Bailing out

“So we had to get down to causes and conditions.” (Chapter 5, Big Book)

When I write the same thing on the inventory daily (e.g. fears, day after day), I am not using the inventory for its intended purpose. I am using it to give the appearance of work and change. I am peddling, but I am on a stationary bicycle. I am dealing with the symptom, not the cause. The problem is having a mindset that produces fear. The mindset needs to change. That is the subject matter of the inventory. It is no good writing that I am frightened and I ought to trust God and then writing the same thing the next day. I need to actually start trusting God. Then I am removing the problem, not the symptom.

It is like going to see a debt specialist to help me manage my finances when my problem is that I am gambling and racking up debts.
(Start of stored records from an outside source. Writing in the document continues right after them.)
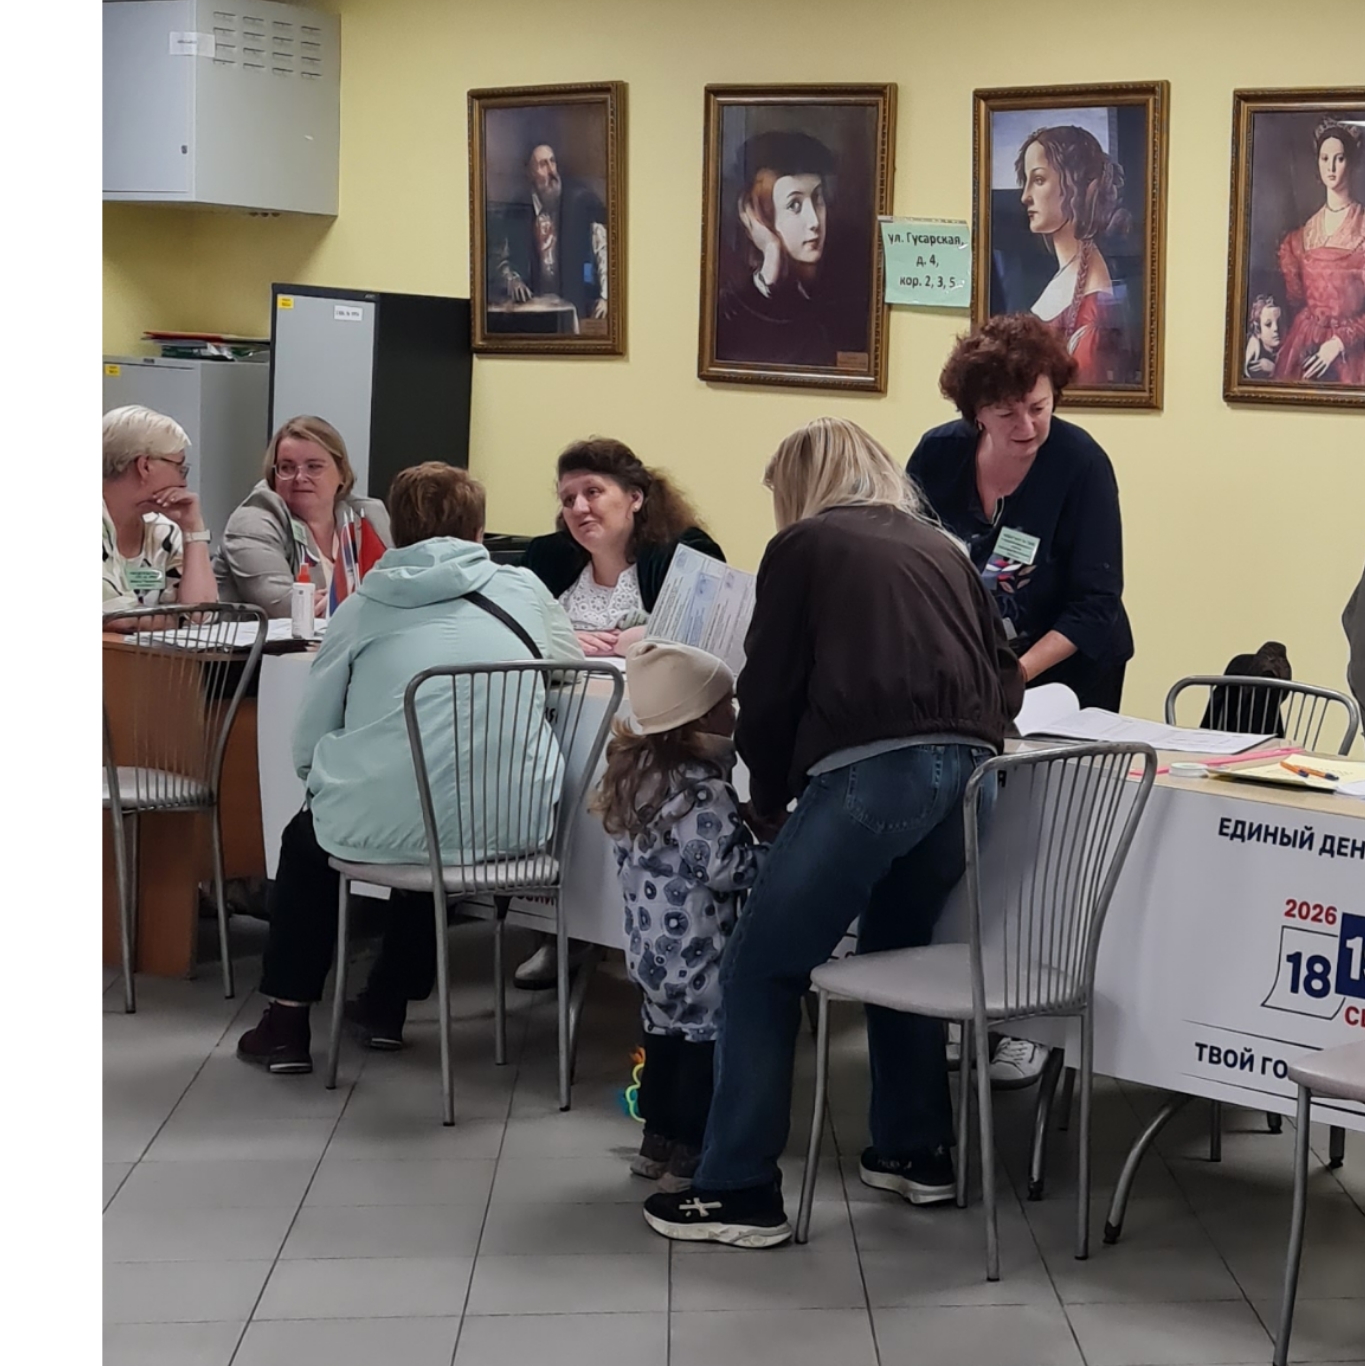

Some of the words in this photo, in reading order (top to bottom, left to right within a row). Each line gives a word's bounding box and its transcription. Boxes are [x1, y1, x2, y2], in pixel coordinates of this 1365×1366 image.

[888, 233, 904, 245] ул.
[906, 232, 964, 246] Гусарская,
[916, 255, 927, 268] д.
[929, 254, 939, 268] 4,
[899, 276, 922, 289] кор.
[925, 275, 934, 288] 2,
[937, 276, 946, 289] 3,
[1218, 817, 1315, 851] ЕДИНЫЙ
[1284, 898, 1338, 925] 2026
[1286, 951, 1332, 999] 18
[1194, 1041, 1255, 1073] ТВОЙ
[1261, 1056, 1289, 1079] ГО
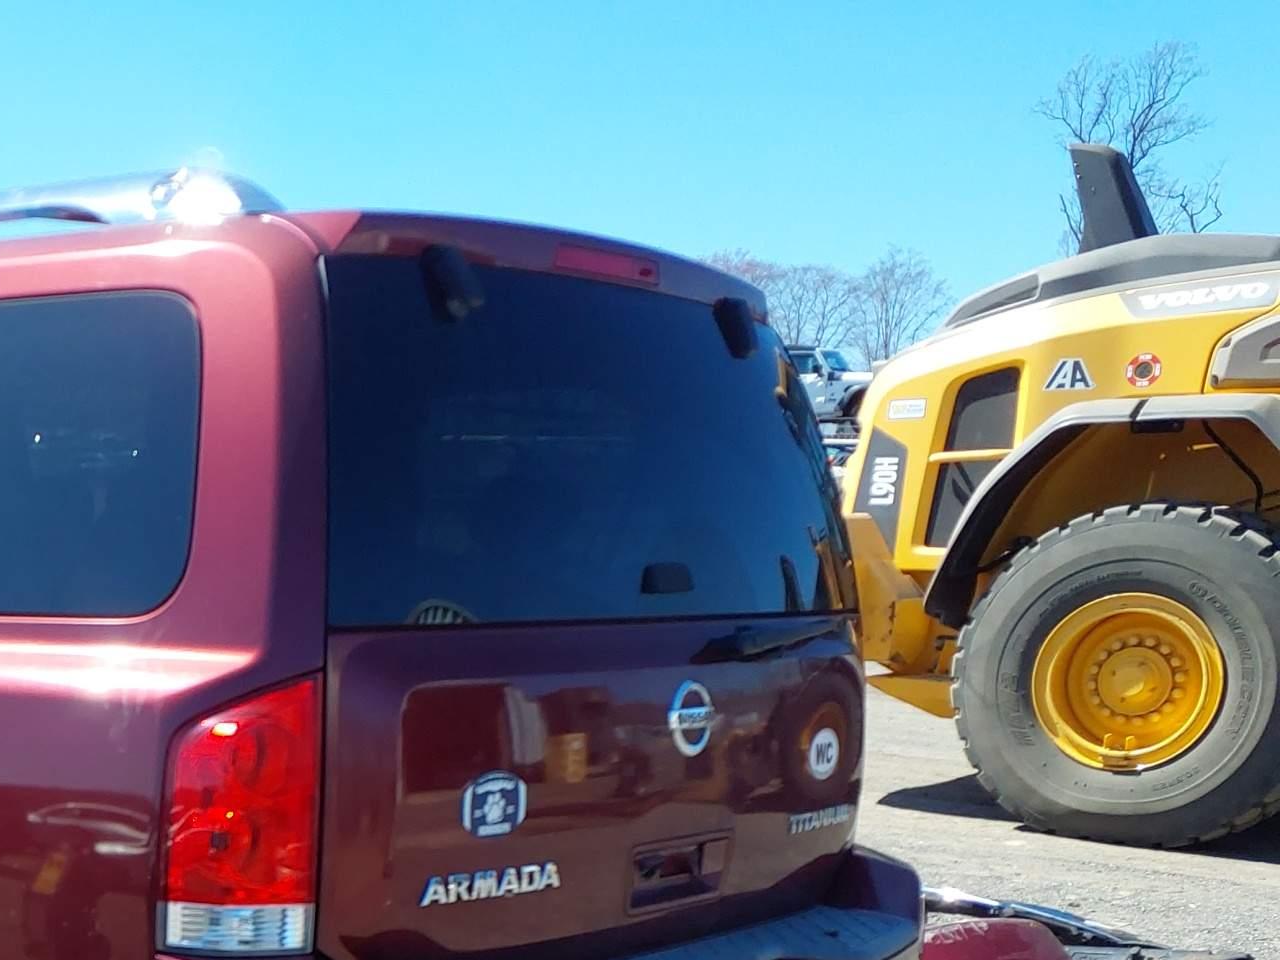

I can sort out my finances for the day, alright, but I will simply rack up debts again. The problem is the gambling.

It is possible to go round and round in AA, working the programme on problems, but the problems keeping coming back, the same ones, over and over, wearing different hats. Then I drift and say, ‘I need to get back to the programme.’ Nonsense. That programme left me with recurring problems, as they were trimmed but not torn out by the roots. What I had was not a programme but a pain management system: using the programme like a drug to alleviate the pain of what I am doing to myself.

When the roots are pulled out, my programme stops being troubleshooting and starts being cultivating a relationship with God through raising consciousness and working for God practically.